War also reveals best, worst in women

? This is the latest entry in the Lynndie England photo album. A portrait of the 22-year-old private, sober, downcast, and guilty as charged. Guilty of conspiracy. Guilty of mistreating detainees. Guilty of an indecent act. Guilty – although there is no official crime for this – of shaming her country.

It’s been nearly two years since Pfc. England became the face of Abu Ghraib, the icon of the abuse scandal. The first snapshot in the Lynndie England album showed a small, jaunty soldier in T-shirt and fatigues, with a haircut invariably described as “pixie-like,” holding a leash. At the end of the leash was a naked Iraqi.

The second snapshot showed her smiling, cigarette dangling from her lips. Her right hand signaled thumbs up, her left hand pointed at the genitals of naked Iraqi men. It was taken on her 21st birthday.

These photos not only shook and shattered the image of Americans in Iraq. They were gender-bending to the breaking point. A country barely used to the idea of women in war was suddenly confronted with the portrait of a woman as an equal-opportunity abuser.

We were also appalled by Charles Graner, the ringleader of the abuse, a former prison guard from Pennsylvania run amok. But it was the femaleness of the young reservist that prompted a rash of stories titled “Explaining Lynndie England.” It was woman-as-torturer “angle” behind the profiles describing her as a “hell-raiser” from a trailer park family who first married at 19 and joined the reserves to get money for college and a career as a meteorologist.

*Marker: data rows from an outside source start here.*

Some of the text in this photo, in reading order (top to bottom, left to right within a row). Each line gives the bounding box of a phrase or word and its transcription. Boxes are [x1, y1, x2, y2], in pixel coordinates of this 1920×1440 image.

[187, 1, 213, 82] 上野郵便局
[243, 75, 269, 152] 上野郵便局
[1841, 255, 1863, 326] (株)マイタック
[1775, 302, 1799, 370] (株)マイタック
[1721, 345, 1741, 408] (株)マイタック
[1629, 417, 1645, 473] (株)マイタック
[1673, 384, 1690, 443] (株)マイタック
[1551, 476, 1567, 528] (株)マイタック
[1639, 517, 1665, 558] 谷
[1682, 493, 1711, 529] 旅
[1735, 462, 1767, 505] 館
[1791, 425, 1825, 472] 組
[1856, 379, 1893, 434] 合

If the first two images were breathtaking, the third was no less unsettling. By the time the legal proceedings began last September, the slight, smirking woman had been transformed by eight months of pregnancy. What female archetype did that fit? A defendant in a maternity uniform? A madonna as sexual abuser?

As for the fourth portrait, turn the page to last May. In a military courtroom Lynndie England held her seven-month-old baby. Nearby sat Graner, convicted ringleader, father of her child, and – to add to the soap opera – newly married to another defendant in the Abu Ghraib case.

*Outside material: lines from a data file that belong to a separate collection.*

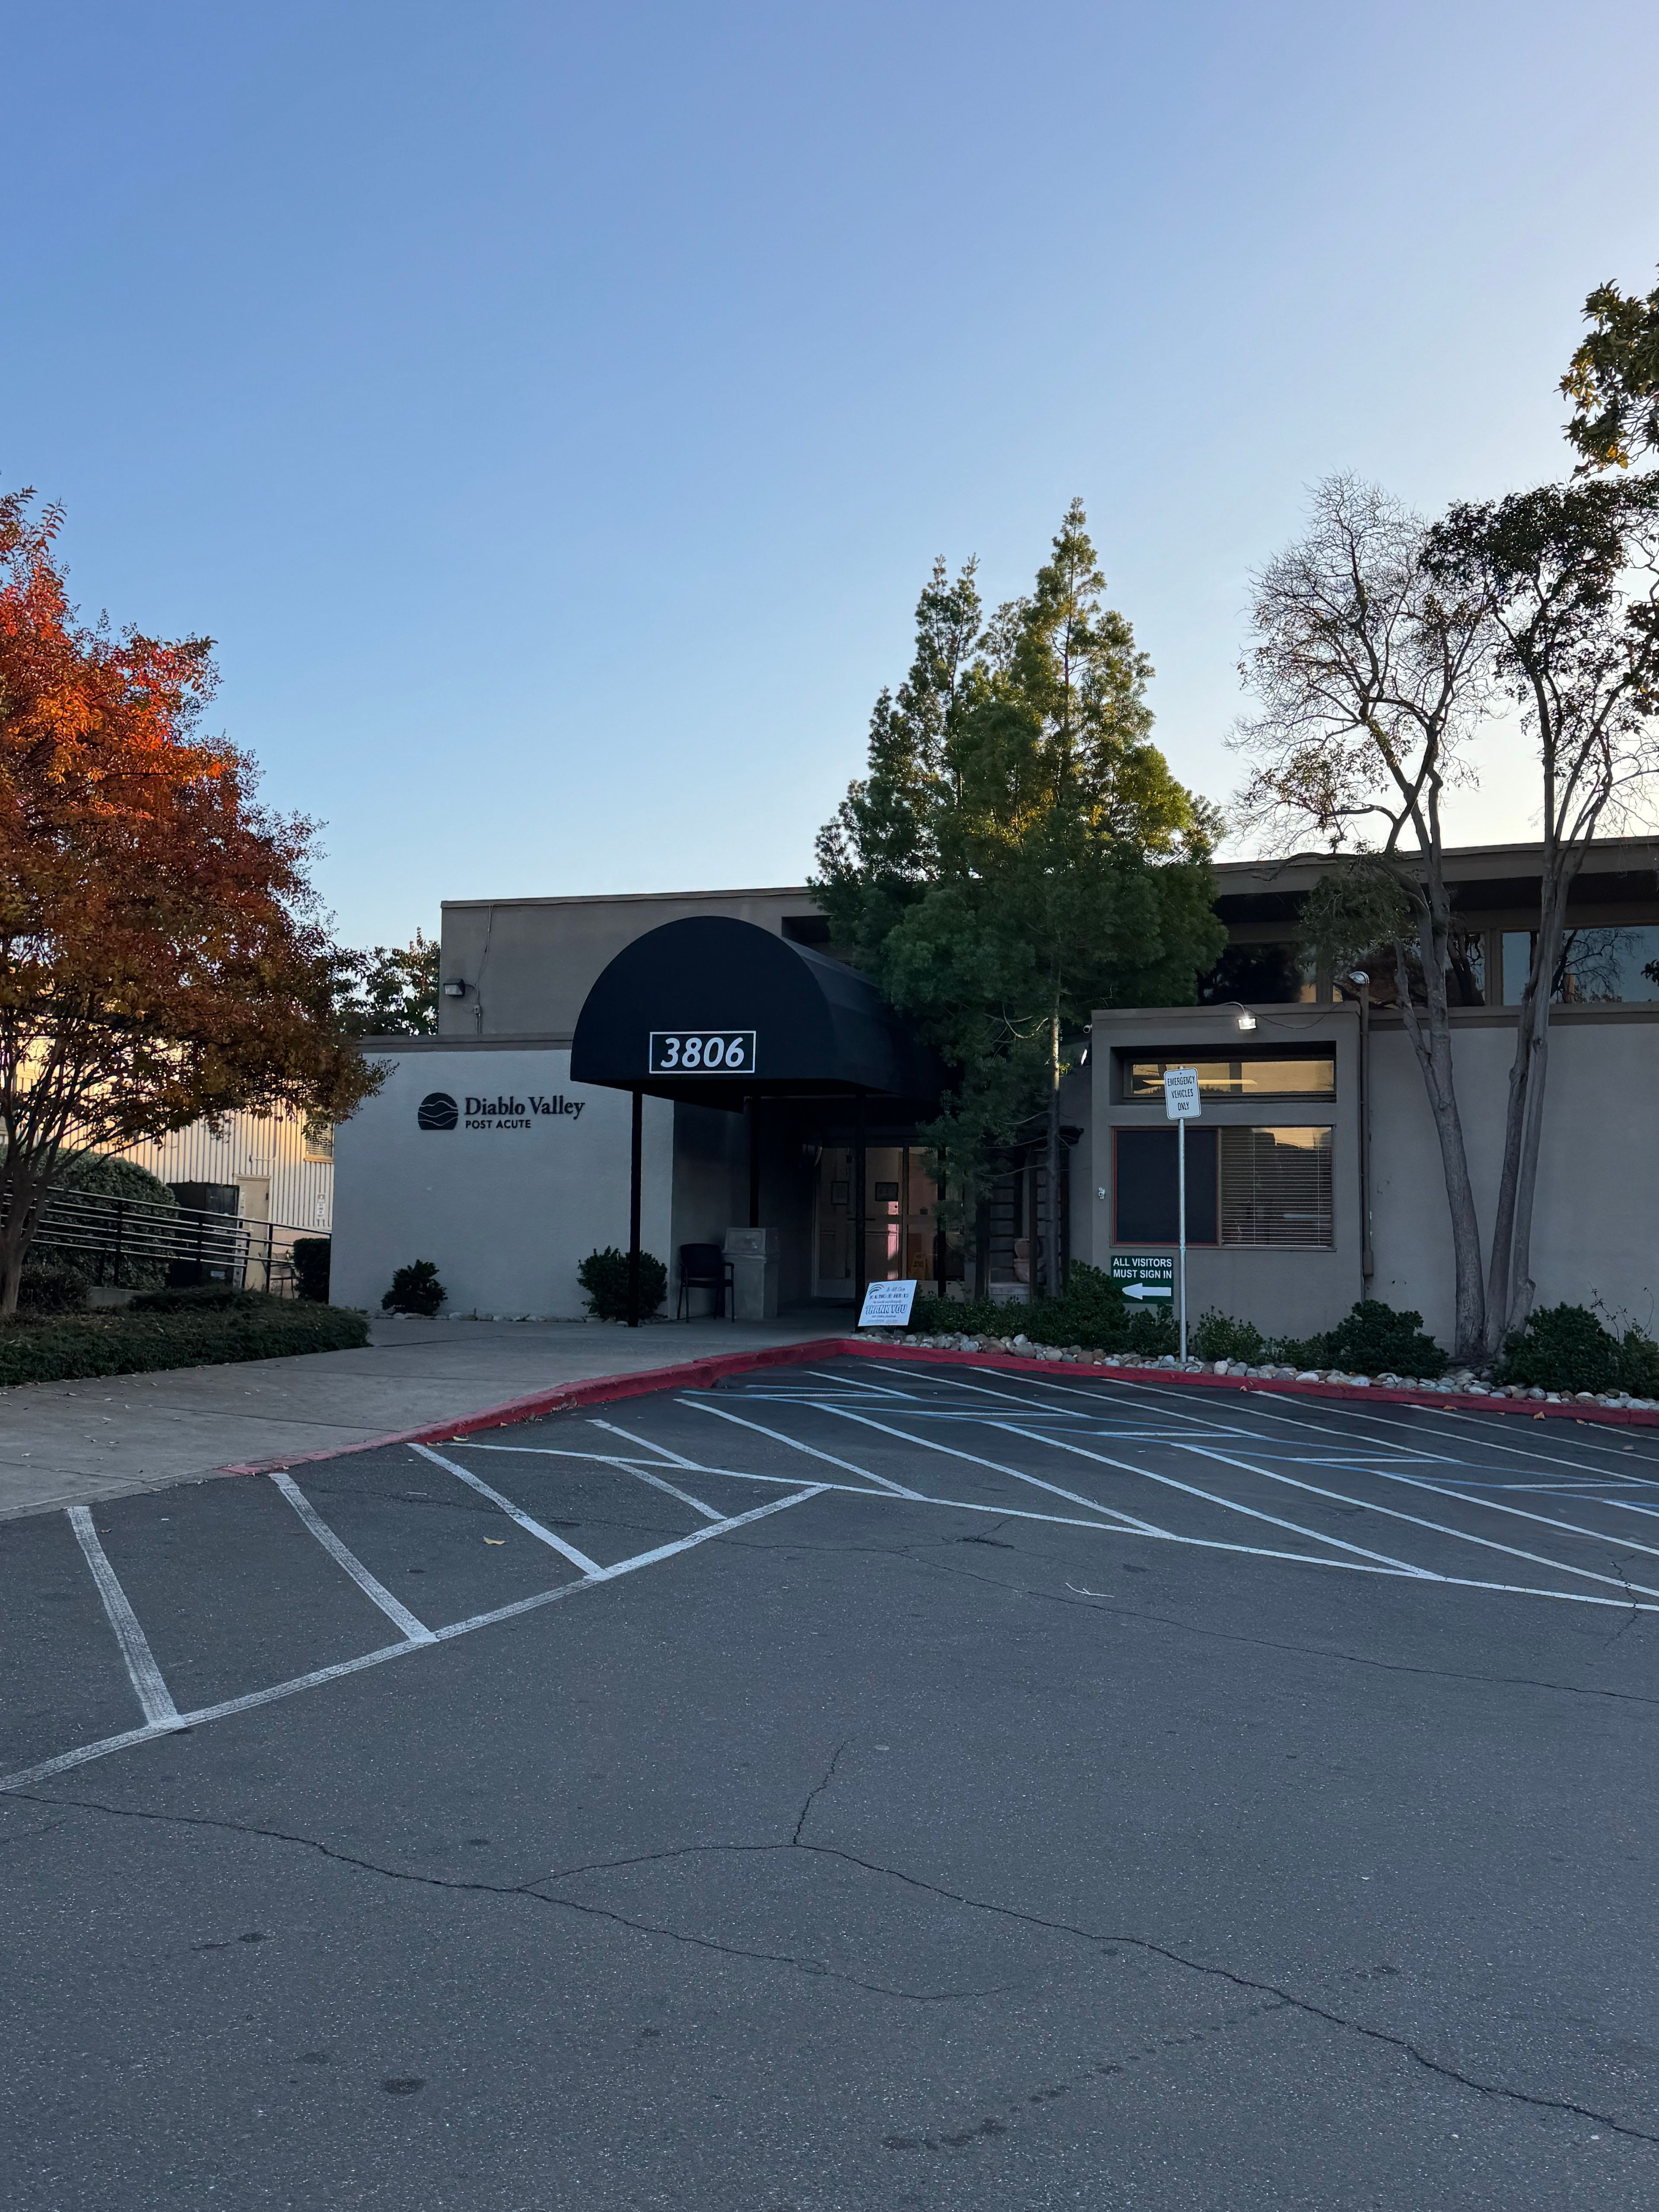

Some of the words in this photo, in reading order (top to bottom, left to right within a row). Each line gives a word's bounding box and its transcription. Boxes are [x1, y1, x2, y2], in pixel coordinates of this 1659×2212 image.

[660, 1037, 744, 1068] 3806
[1167, 1075, 1195, 1086] EMERGENCY
[1171, 1089, 1193, 1099] VEHICLES
[464, 1096, 526, 1116] Diablo
[528, 1095, 586, 1120] Valley
[1178, 1102, 1189, 1111] ONLY
[466, 1120, 493, 1129] POST
[496, 1119, 531, 1128] ACUTE
[1113, 1258, 1130, 1266] ALL
[1132, 1258, 1172, 1267] VISITORS
[1113, 1269, 1138, 1278] MUST
[1140, 1270, 1161, 1279] SIGN
[1163, 1270, 1172, 1279] IN
[866, 1304, 891, 1315] THANK
[891, 1304, 908, 1314] YOU

It’s no wonder that her lawyers in the final trial went photo-shopping through the available female images for their last gasp defense. Tough-as-males soldier or pregnant defenseless woman? Wrong woman or wronged woman? “When all else fails, you try ‘the girl defense,”‘ says a disdainful Lory Manning, a retired Navy captain and advocate for women in the military.

England’s lawyer cropped her to fit a traditional frame. She was “an overly compliant personality,” prone to depression, a Graner-pleaser. She was not a power-crazed conqueror but a slave for love. At her sentencing hearing, England said, “I was used by Pvt. Graner. I didn’t realize it at the time.”

It is no wonder that the military jury rejected the “love” excuse. As Manning says, “it doesn’t take a moral giant to know that there are things you don’t do for love and torture is one of them.” England was one of three women among the Abu Ghraib Nine. Even those who believe that Lynndie England was a photogenic fall girl for prisoner abuse blame the outrages on the chain of command, not the chains of love.

But before we close the album with a shot of England going to jail, there is something more to be said. The military is, or was, the literal last male bastion. On television, a female commander in chief is still just a fantasy. But there are 76,800 women in uniform, 11,000 in Iraq where the front lines in this impossible war are as indefinable as the route of a suicide bomber.

In the Iraq War, women have been elevated to the superheroine status like Jessica Lynch and lowered to supervillain status like Lynndie England. But 40 women have been killed and 400 wounded. Who knows the name of Leigh Ann Hester, a 23-year-old retail store manager from Kentucky who fought her way to the first Silver Star for valor in combat awarded to a woman since World War II?

As women go to war, the military offers a sometimes glorious and sometimes dismal reminder of equality. A reminder that women have as many points on the moral compass as men. That women soldiers have won an equal chance to bring honor or shame to themselves and their country.

If and when war demands heroics, it produces heroines too. But if and when war brings out our worst, the human in the word dehumanizing also includes women. The Lynndie England Album. It’s not a pretty picture.

– Ellen Goodman is a columnist for Washington Post Writers Group.